Freedmen’s Communities in Maryland

After years of African American resistance to slavery and self-emancipation, as well as investment as Union soldiers in the Civil War, Maryland abolished slavery in 1864 when voters approved a new state Constitution.[1] Land ownership carried important practical and symbolic protections following emancipation – property served as a homeplace for Black families that white enslavers had separated, as a means for self sufficiency through farming and raising livestock, and as an important message of individual rights and citizenship. In these post-war years, some white landowners sold property to African Americans, although this land was often less than ideal; it might be swampy or have dense forests that needed to be cleared.[2] Despite these challenges, African Americans developed small enclaves of houses and farms that grew in the late nineteenth and early twentieth centuries. These communities also built churches, schools, and fraternal organization lodges.[3]

Some of these important places have been documented in the Maryland Inventory of Historic Properties (MIHP) – our repository of places with known or potential value to the history of the State of Maryland. We have provided some highlights below and encourage you to share in comments if you know of other communities near you!

Rossville, Prince George’s County

Located north of Beltsville in Prince George’s County, Rossville’s origins date to 1868, when six African American men purchased a third of an acre of land to construct Queen’s Chapel Methodist Episcopal Church. Prior to the purchase, local African Americans had already created a cemetery on the property. The first church was a small log structure that burned in the late 1890s, but Queen’s Chapel continues to exist today in a 1956 brick building across Old Muirkirk Road from the cemetery and original site.

Queen’s Chapel Methodist Episcopal Church, Prince George’s County (PG:62-21). Photo source: MIHP

In the 1880s, more land in the Rossville area became available after the death of a local white farmer. African Americans, many of them employed at the nearby Muirkirk Iron Furnace, purchased 12 surveyed lots and soon built residences. A fraternal organization called the Benevolent Sons and Daughters of Abraham also purchased a lot and constructed a lodge in 1889. This organization served a very important role in the community by providing social services and financial assistance to members in a time when many white institutions refused to work with African Americans. This building – a two-story, front-gabled frame structure – still exists and now is home to the Maryland-National Capital Park and Planning Commission’s Black History Program.

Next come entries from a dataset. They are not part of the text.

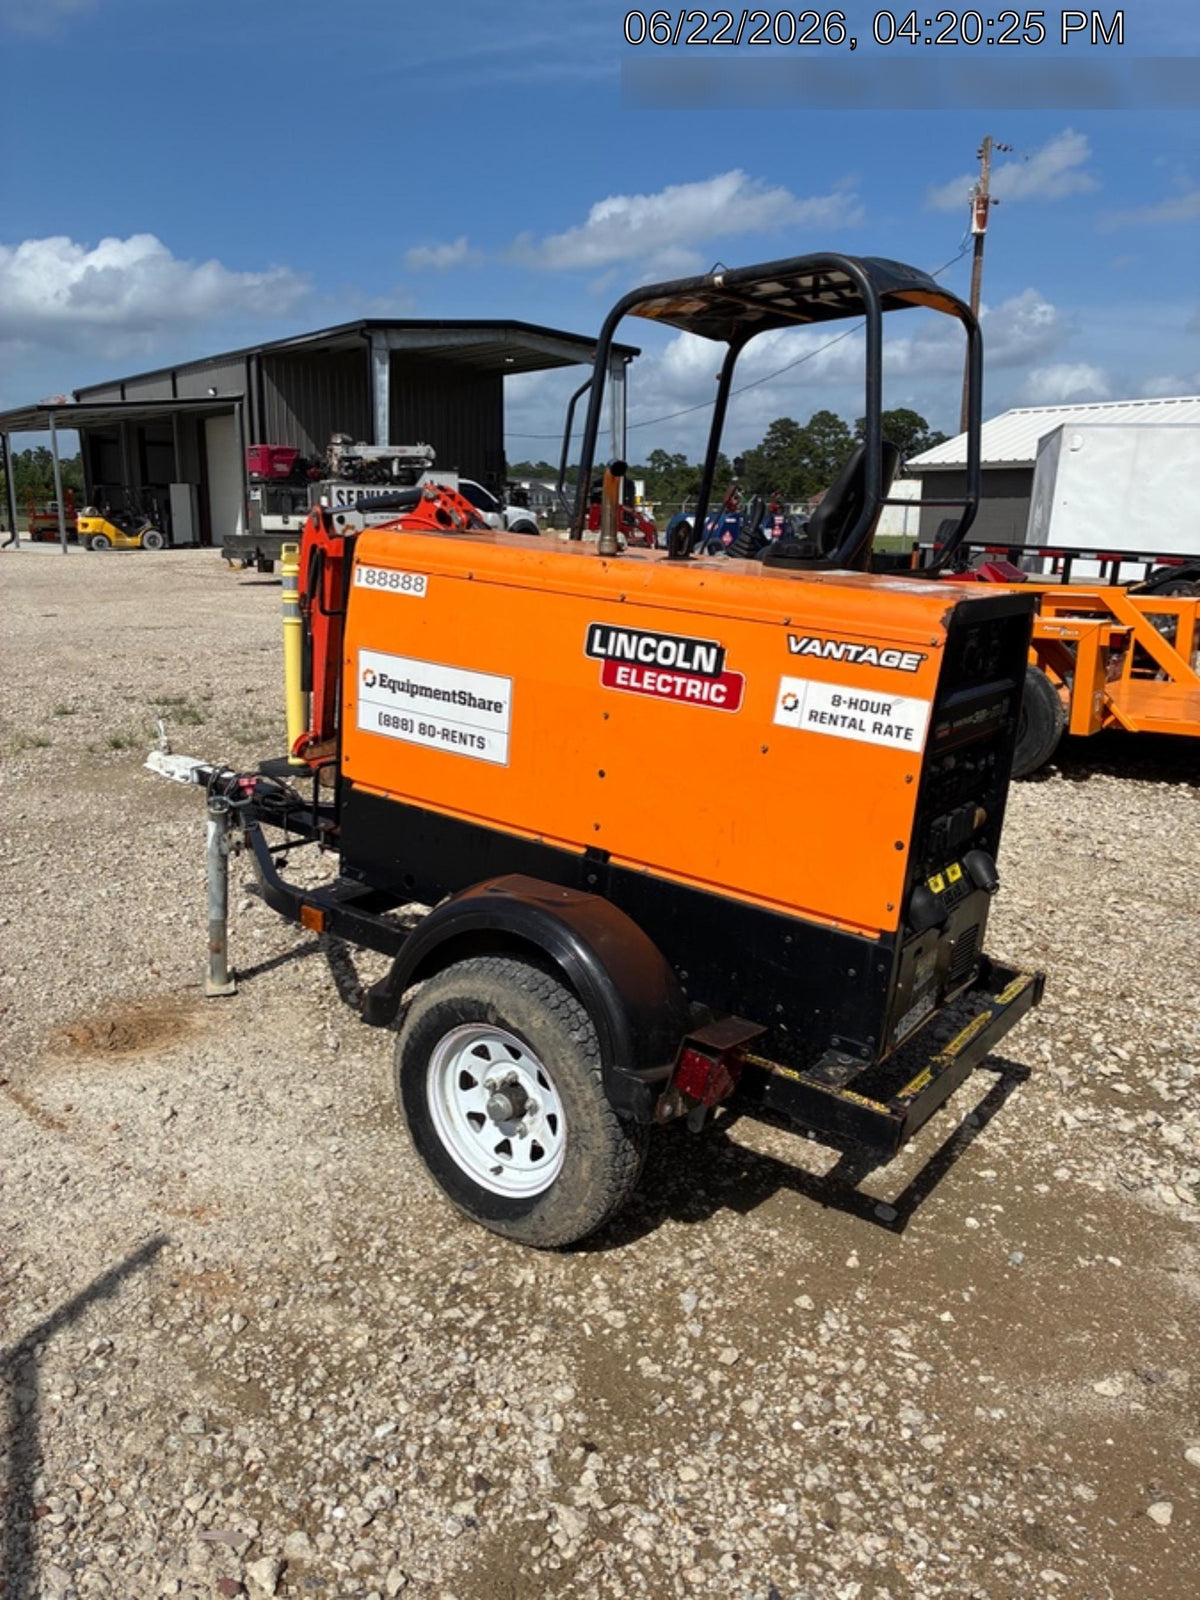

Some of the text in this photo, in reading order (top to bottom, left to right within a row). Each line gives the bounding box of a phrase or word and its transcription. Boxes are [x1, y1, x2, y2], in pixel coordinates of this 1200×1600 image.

[356, 568, 425, 593] 188888
[592, 629, 718, 674] LINCOLN
[787, 634, 922, 673] VANTAGE
[378, 673, 504, 714] EquipmentShare
[615, 666, 728, 704] ELECTRIC
[831, 694, 893, 717] 8-HOUR
[378, 711, 487, 751] (888) 80-RENTS
[808, 709, 867, 732] RENTAL
[872, 721, 915, 742] RATE

Abraham Hall, Prince George’s County (PG:62-7). Photo source: MHT staff

The lodge building also served as a school for the first two decades of the twentieth century. However, Rossville residents pressured the County Board of School Commissioners for the construction of a dedicated school in the community. A building committee of local community members supervised the construction of a new school in 1922, which was partially funded by the Julius Rosenwald Fund’s School Building Program. (Philanthropist and former president of Sears, Roebuck and Company Julius Rosenwald created this special program to provide communities and local boards of education with financial and technical assistance for the construction of new, state-of-the art school buildings in 15 states in the rural south.) The school had two rooms with a capacity of 48 students. Today, the former schoolhouse serves as the American Legion Post 235.

Bacontown, Anne Arundel County

In 1860, the locally prominent Dorsey family freed an enslaved woman named Maria Bacon and gave her 30 acres of property. Sources indicate that Bacon was already living on this land prior to her manumission. Bacon, her three children, and several other manumitted African Americans formed the community known as Bacontown in northwestern Anne Arundel County near the Howard County line. The oldest building in the area is the late nineteenth-century Mary Elizabeth Henson House, the home of founder Maria Bacon’s daughter.

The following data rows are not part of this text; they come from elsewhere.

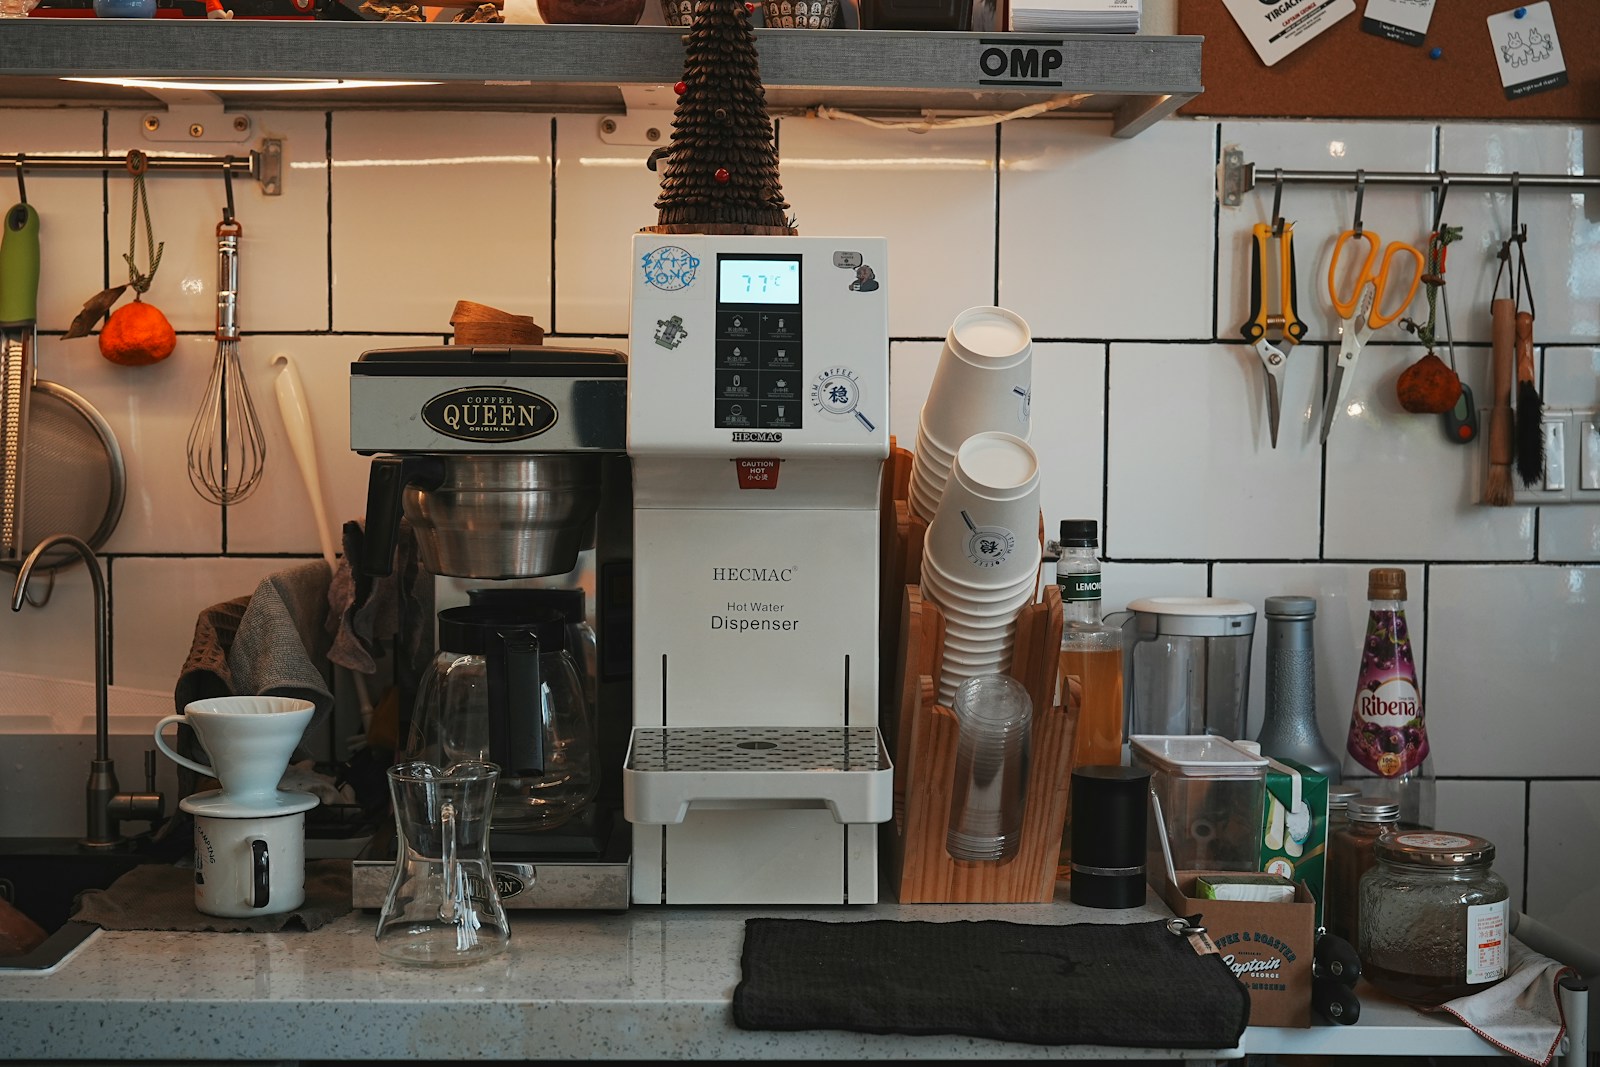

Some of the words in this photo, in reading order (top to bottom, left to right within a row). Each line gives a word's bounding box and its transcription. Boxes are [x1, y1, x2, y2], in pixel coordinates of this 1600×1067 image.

[980, 47, 1063, 78] OMP
[467, 396, 513, 404] COFFEE
[828, 385, 849, 404] 稳
[443, 404, 536, 431] QUEEN
[733, 432, 782, 442] HECMAC
[727, 602, 747, 612] Hot
[750, 602, 785, 612] Water
[711, 615, 799, 633] Dispenser
[1362, 694, 1415, 716] Ribena
[1215, 932, 1240, 951] FFEE
[1242, 931, 1251, 942] &
[1254, 932, 1297, 964] ROASTER
[1222, 954, 1281, 978] Captain

Mary Elizabeth Henson House, Anne Arundel County (AA-893). Photo source: MIHP

Like Rossville, Bacontown also had a fraternal organization lodge built by the Benevolent Sons and Daughters of Abraham, a cemetery, and a church. The Bacontown community constructed the existing Mt. Zion Church building in 1913, which replaced an earlier log church that previously stood nearby. The stucco-covered Mt. Zion Church with a center steeple and entry reflects Gothic Revival architecture, a style that was common in late nineteenth and early twentieth-century church buildings.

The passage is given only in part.